Origins of Head Start and Early Head Start

In 1964, President Lyndon B. Johnson launched the War on Poverty. To help wage this war, federal law-makers enacted the Economic Opportunity Act of1964. This act created the Office of Economic Opportunity (OEO), and Sargent Shriver was appointed as OEO's first director.

Shriver, a brother-in-law of the late president John F. Kennedy and a former president of the Chicago Board of Education, considered an early intervention program for poor children for two reasons. First, Shriver quickly learned, in his new position, that many poor people were children. Second, he was familiar with research, funded by the Joseph P. Kennedy, Jr. Foundation, which found that the IQs of mentally retarded children can be increased through exposure to positive early interventions and that proper nutrition can have a positive impact on a child's intellectual development. If mentally retarded children could benefit by participating in an early intervention program, Shriver believed that poor children could also benefit from participating in an early intervention program.

A multidisciplinary committee of 14 child development experts, including developmental psychologists, was assembled by Shriver to conceive an early intervention program for poor children. Chaired by Robert E. Cooke, professor of pediatrics at Johns Hopkins University School of Medicine and chairman of the Kennedy Foundation's Scientific Advisory Committee, this multidisciplinary committee considered how to create a national early intervention for poor children. In February 1965, this committee recommended the establishment of Project Head Start. This program would provide poor children and their families with a comprehensive range of services, including education, nutrition, physical and mental health services, and social services, and this program would mandate considerable parent involvement.

Substantial parent involvement in the decision making of Head Start programs was influenced by the civil rights movement and the concept of “maximum feasible participation.” Under this concept, policy-makers believed that the effectiveness of federal programs serving poor people would be enhanced if the poor people were involved in the planning and administration of these programs.

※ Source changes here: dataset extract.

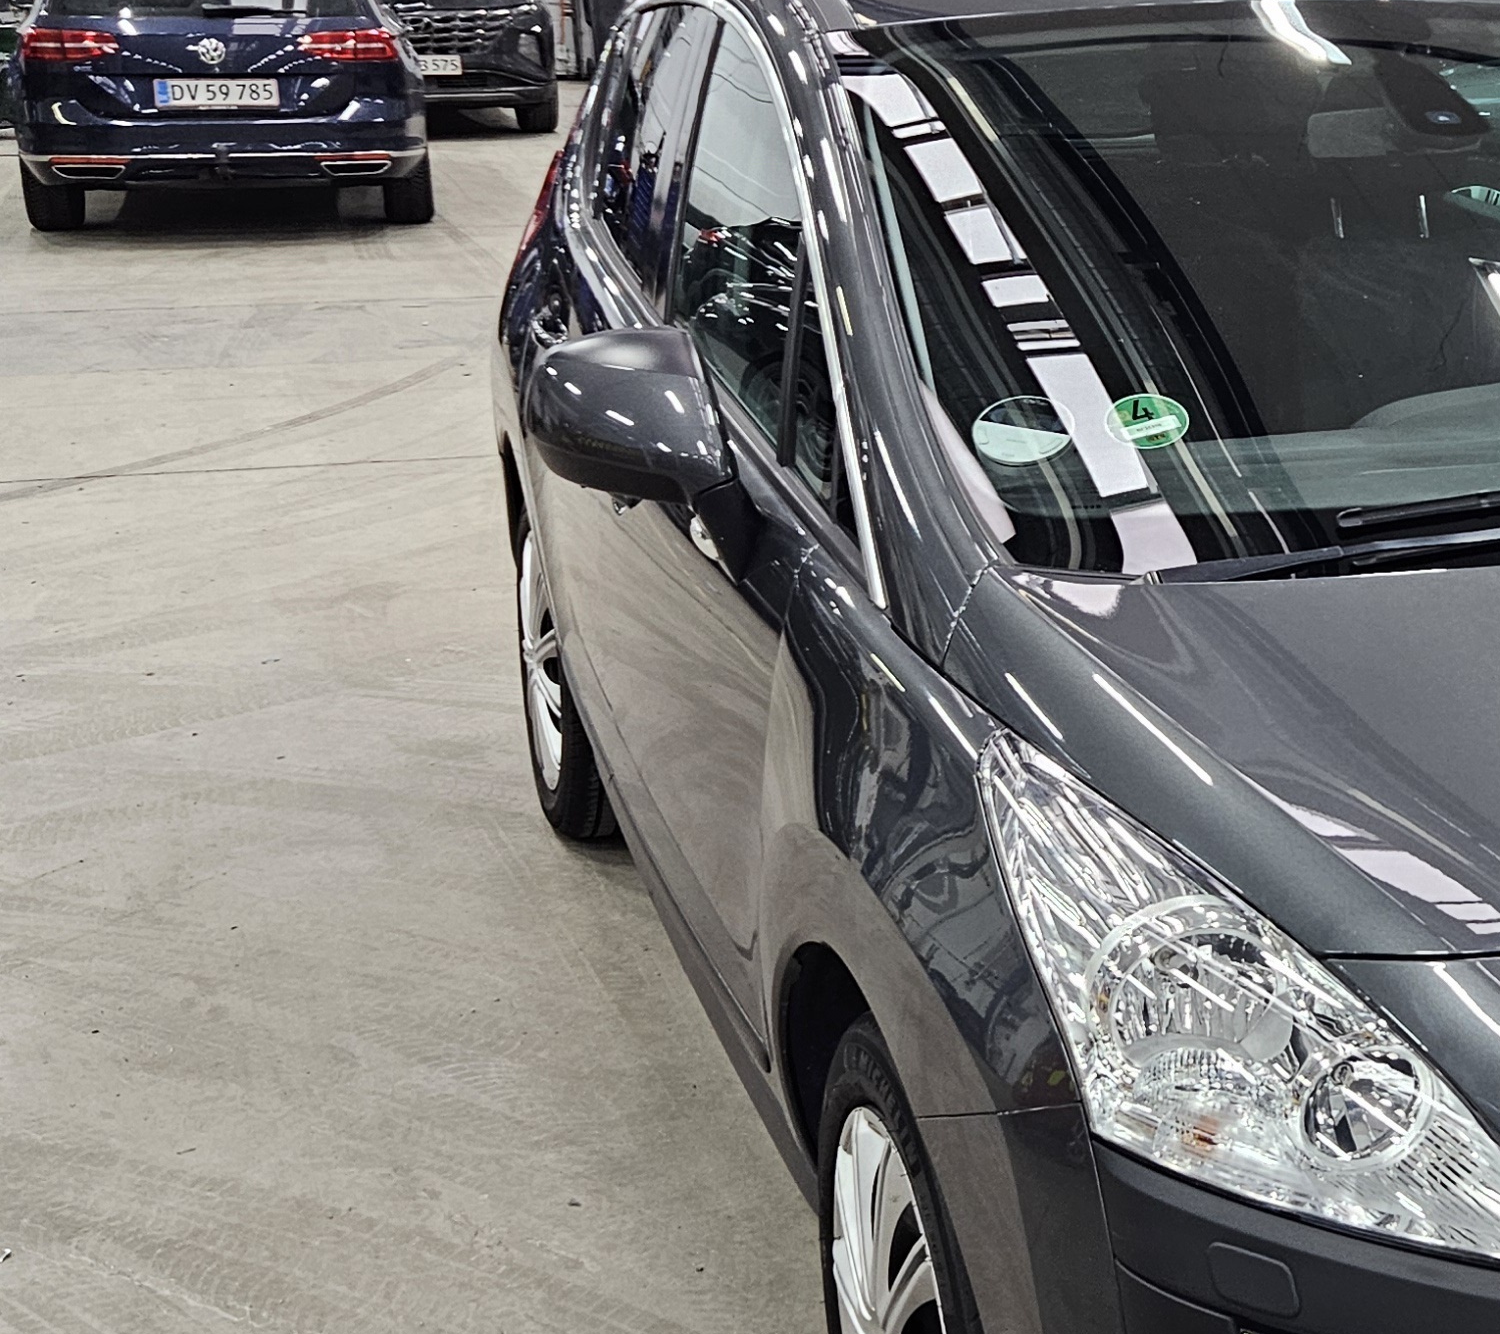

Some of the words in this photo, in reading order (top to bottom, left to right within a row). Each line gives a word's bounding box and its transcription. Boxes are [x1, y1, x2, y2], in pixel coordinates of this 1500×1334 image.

From Shriver and the multidisciplinary committee's work, the federal government launched Project Head Start in the summer of 1965 by providing funds to local community programs. According to Valora Washington and Ura Jean Oyemade, local Head Start organizations throughout the United States provided an 8-week summer program of services to 561,000 children. Head Start's federal budget was $96.4 million. Federal funding for Head Start bypassed state governments because many southern governors were segregationalists and opposed the program.